At the root of this tradition is a belief system that as American’s we should not presume to fully understand. We can read articles about Koran verses or the oppression of women, but we are not likely to really get a full picture. What we can understand is the devastating impact of cutting. Outside of the obvious physical pain and trauma of the cutting experience, the cutting (and subsequent sewing) can lead to infection and scarring that impedes the birthing process. Women who are cut have significantly higher rates of mortality during childbirth, infant mortality, and tearing that can lead to fistulas. The very act designed to assure a woman’s purity for her husband is very often the reason for her death or that of her child’s. In some cases the purpose of cutting is to reduce a women’s sexual pleasure to prevent her from being unfaithful. This ideology robs women of the same opportunity to experience pleasure in the God created act of sex within a marriage. There is no male equivalent designed to keep a man faithful in his marriage.


So how can we, as Americans, speak into a culture that is not our own and act to change something that we really don’t fully understand? When is this imperialistic in nature, and when is it righting an injustice?  Drawing the correct line at times may be challenging, but it can be attempted. As we see more and more women from within these cultures rising up to make these changes, when we see more and more men saying that they will not do this to their daughters, or require this for the brides of their sons, we can confidently move forward in supporting a cause that we find oppressive and unjust. We can weigh traditions against Biblical principles. Does this tradition steal from women their God created dignity and equality?

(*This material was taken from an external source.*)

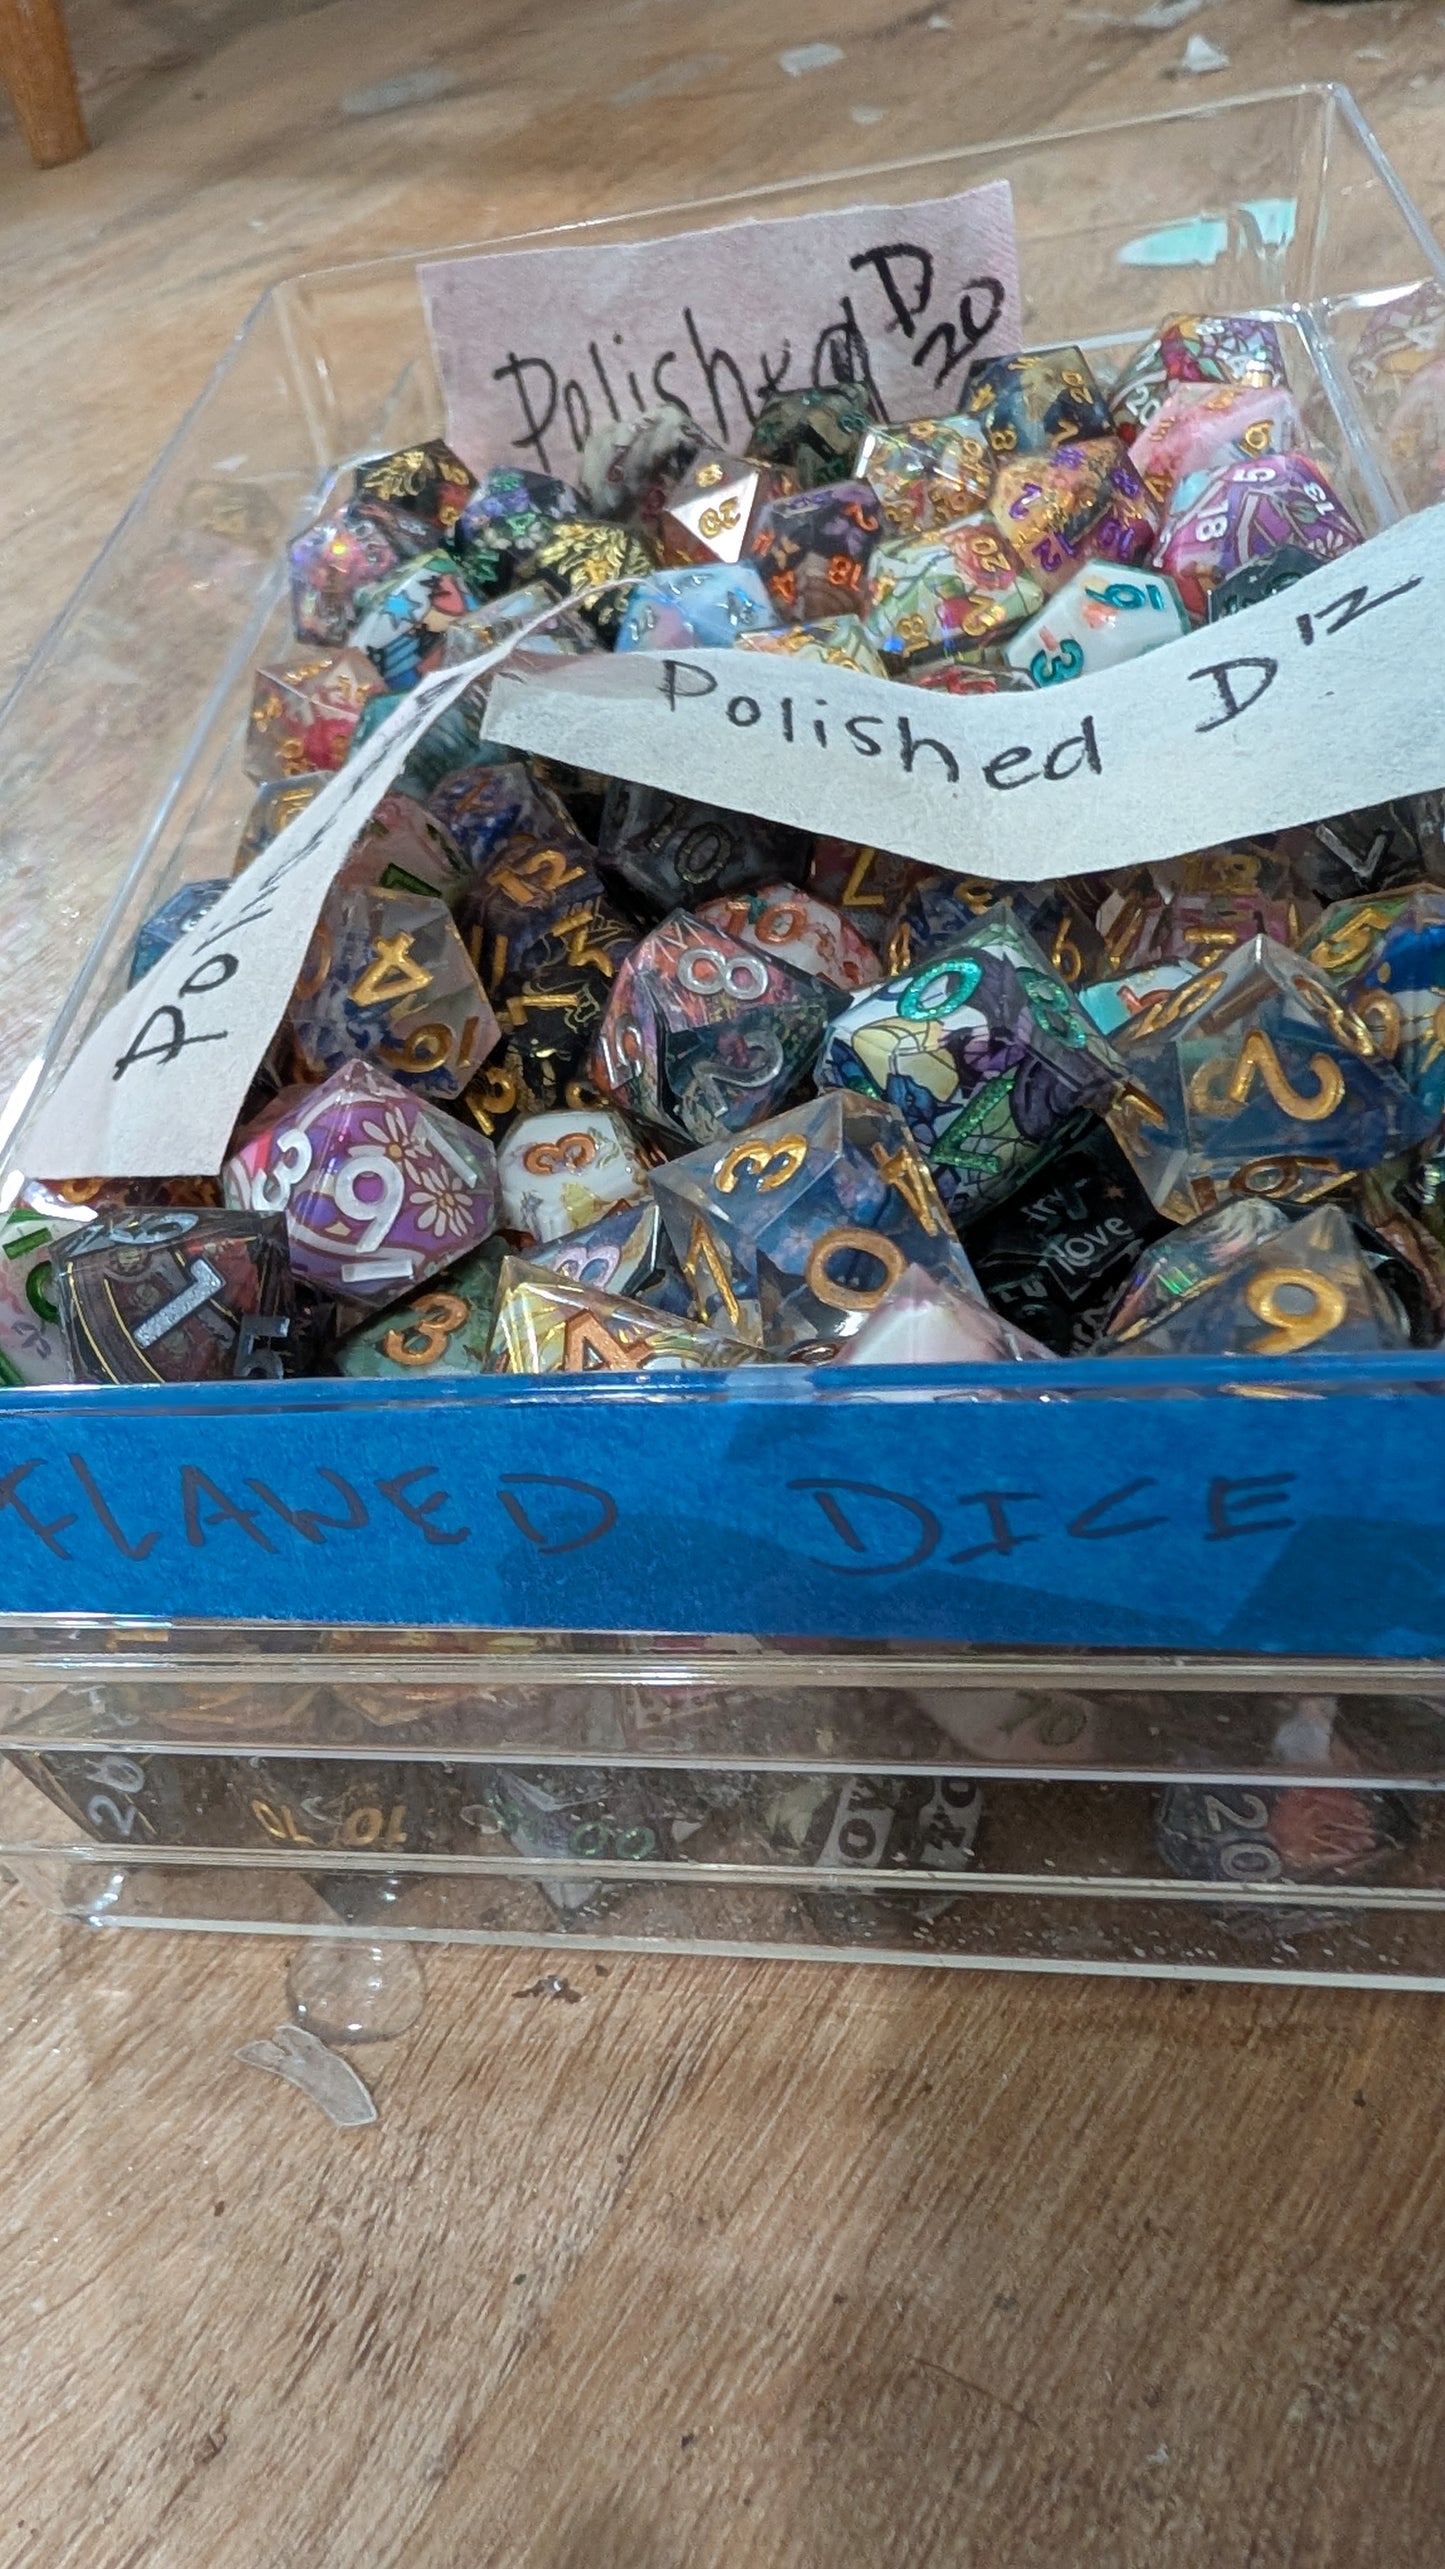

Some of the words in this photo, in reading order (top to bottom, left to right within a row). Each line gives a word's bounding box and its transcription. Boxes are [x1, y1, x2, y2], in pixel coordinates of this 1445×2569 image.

Chose an organization that is working at the grassroots level, run by people from these communities who understand the intricacies in a way you cannot. Support the work of people like  Sister Ephigenia Gachiri,  who took the time to learn all she could about the process and the culture behind this practice before creating the Termination of Female Genital Mutilation (TFGM) Campaign. Her alternate rite of passage ceremony is replacing an age-old tradition with a safer and healthier ceremony. She is changing the lives of young women, but more than that; she is changing a culture.

Take some time to read up on this and other causes before you take a stance. Read the arguments on both sides, learn about the organizations acting and what their philosophies are, and then don’t stop there. Make a choice not to give in to apathy, but rather to make a difference. Change the life of single girl and help change a culture.

* The debate over male circumcision is a valid debate, but not one that we will be addressing in this particular article.